Pictures appear in the records below; write out everything else exactly.

*** DATA IN THIS EXERCISE ***

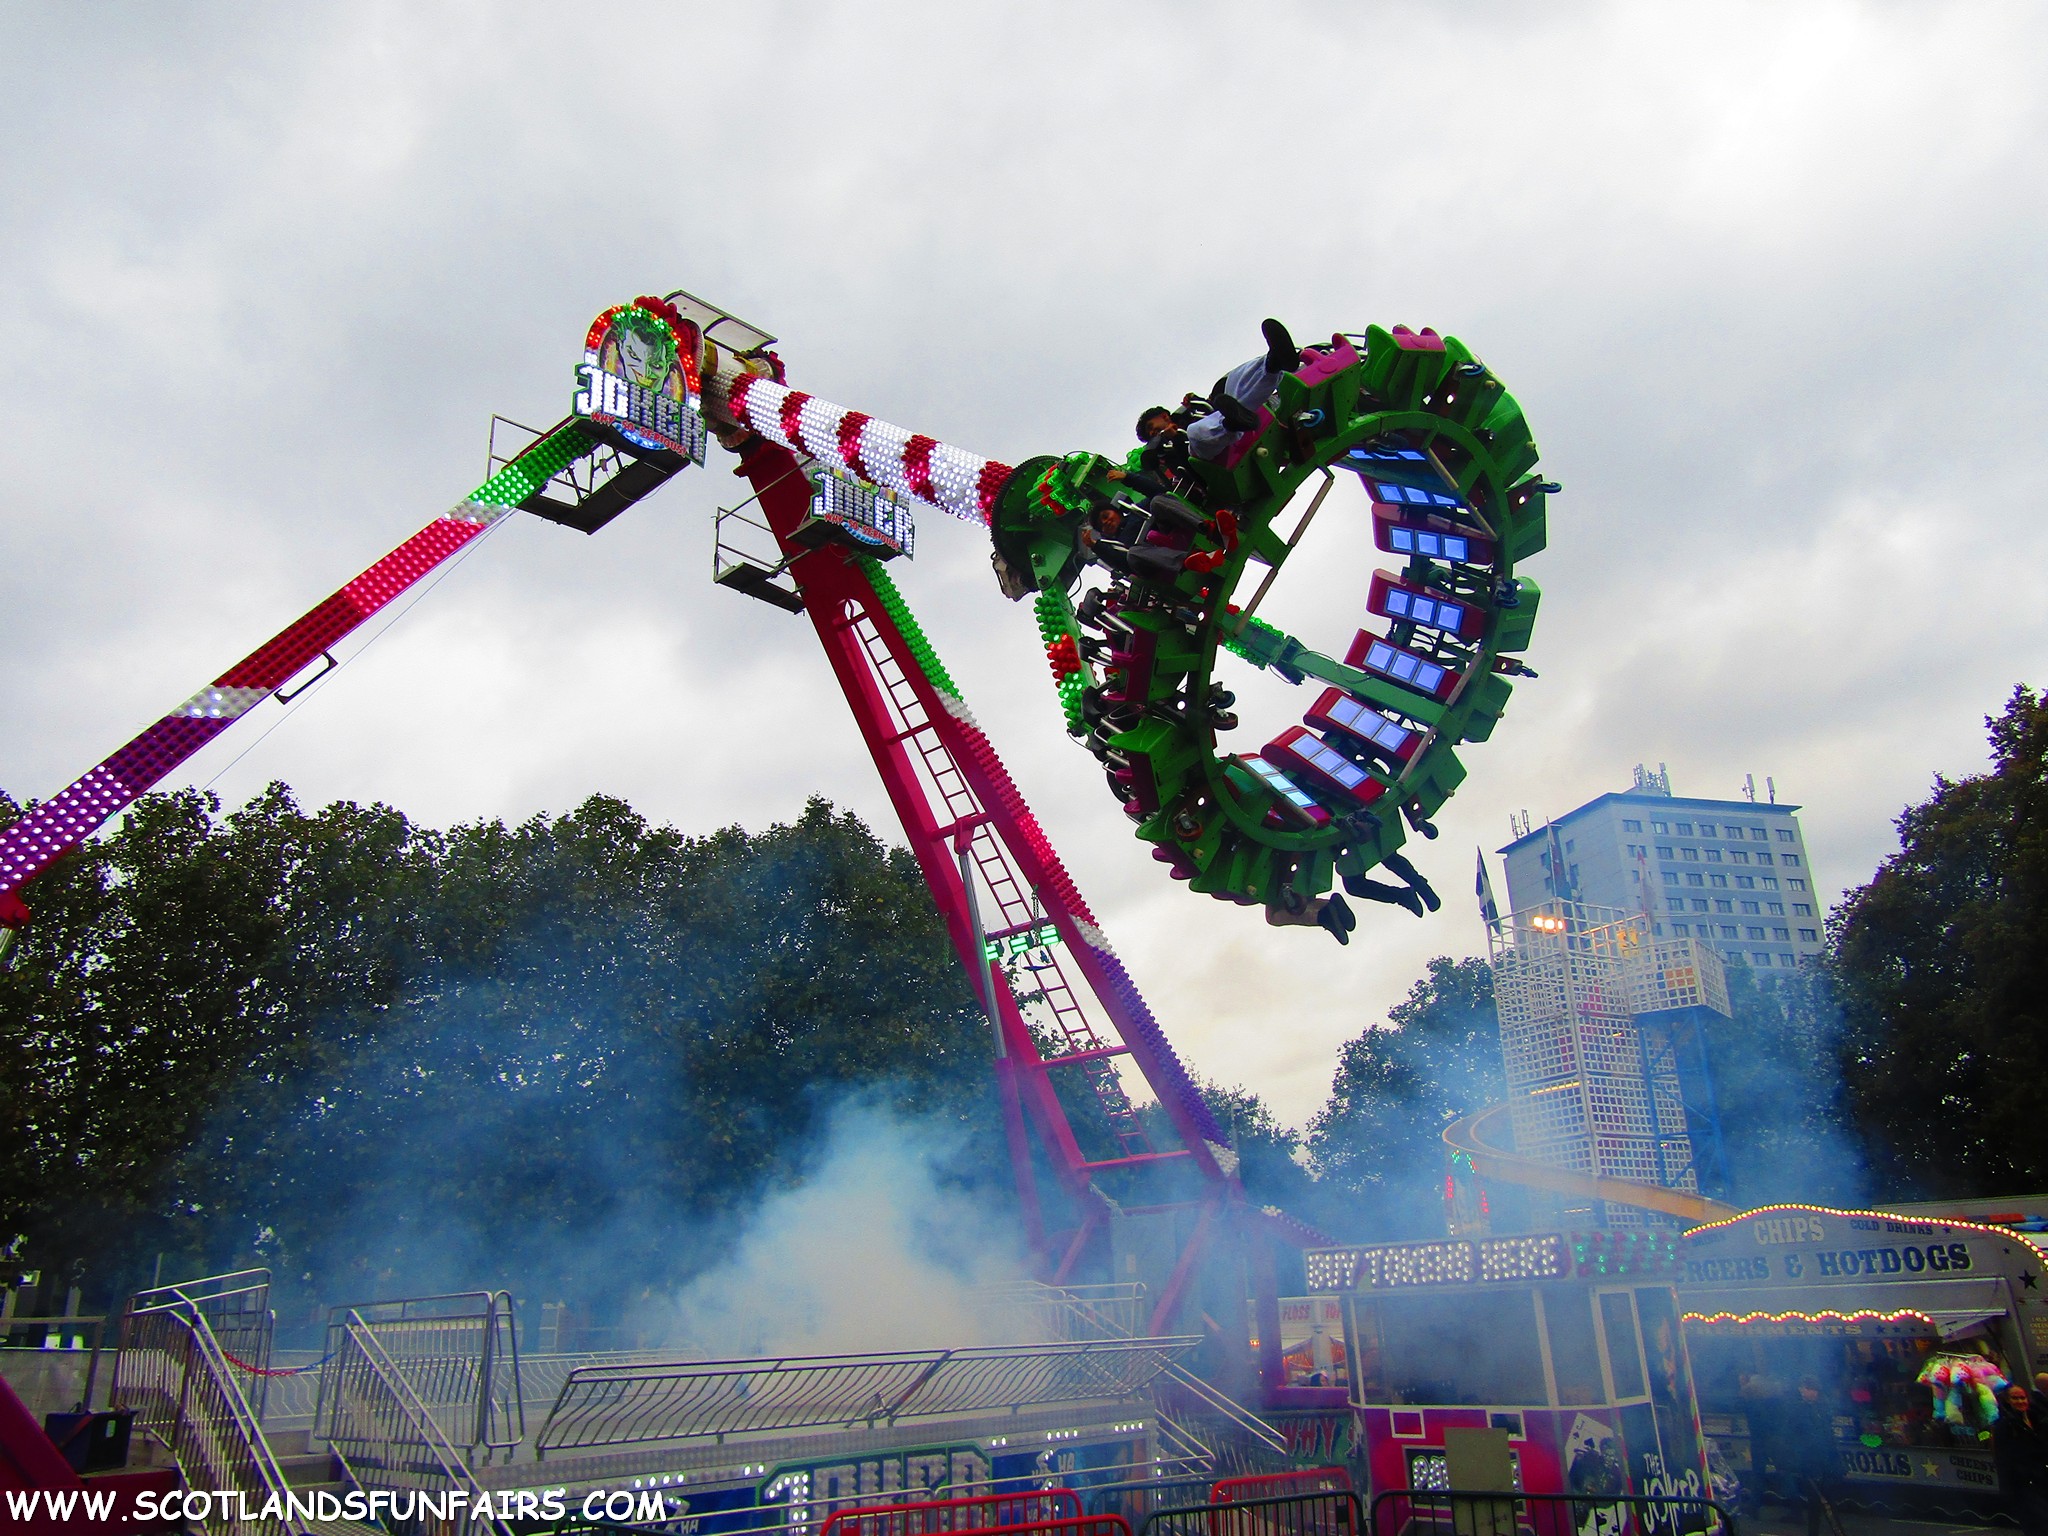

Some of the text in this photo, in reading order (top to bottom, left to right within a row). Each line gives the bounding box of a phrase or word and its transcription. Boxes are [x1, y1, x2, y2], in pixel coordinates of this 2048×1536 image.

[576, 366, 704, 463] JOKER
[590, 412, 615, 426] WHY
[814, 472, 913, 555] JOKER
[824, 513, 843, 525] WHY
[1754, 1216, 1825, 1245] CHIPS
[1850, 1219, 1933, 1235] COLD DRINKS
[1307, 1235, 1560, 1290] BUY TOKENS HERE
[1682, 1256, 1770, 1281] RGERS
[1816, 1243, 1972, 1277] HOTDOGS
[1643, 1453, 1661, 1476] THE
[1957, 1469, 1994, 1486] CHIPS

***

▶ **OUTPUT OF THE EXERCISE**:
Some of the text in this photo, in reading order (top to bottom, left to right within a row). Each line gives the bounding box of a phrase or word and its transcription. Boxes are [x1, y1, x2, y2], in pixel coordinates of this 2048×1536 image.

[576, 366, 704, 463] JOKER
[590, 412, 615, 426] WHY
[814, 472, 913, 555] JOKER
[824, 513, 843, 525] WHY
[1754, 1216, 1825, 1245] CHIPS
[1850, 1219, 1933, 1235] COLD DRINKS
[1307, 1235, 1560, 1290] BUY TOKENS HERE
[1682, 1256, 1770, 1281] RGERS
[1816, 1243, 1972, 1277] HOTDOGS
[1643, 1453, 1661, 1476] THE
[1957, 1469, 1994, 1486] CHIPS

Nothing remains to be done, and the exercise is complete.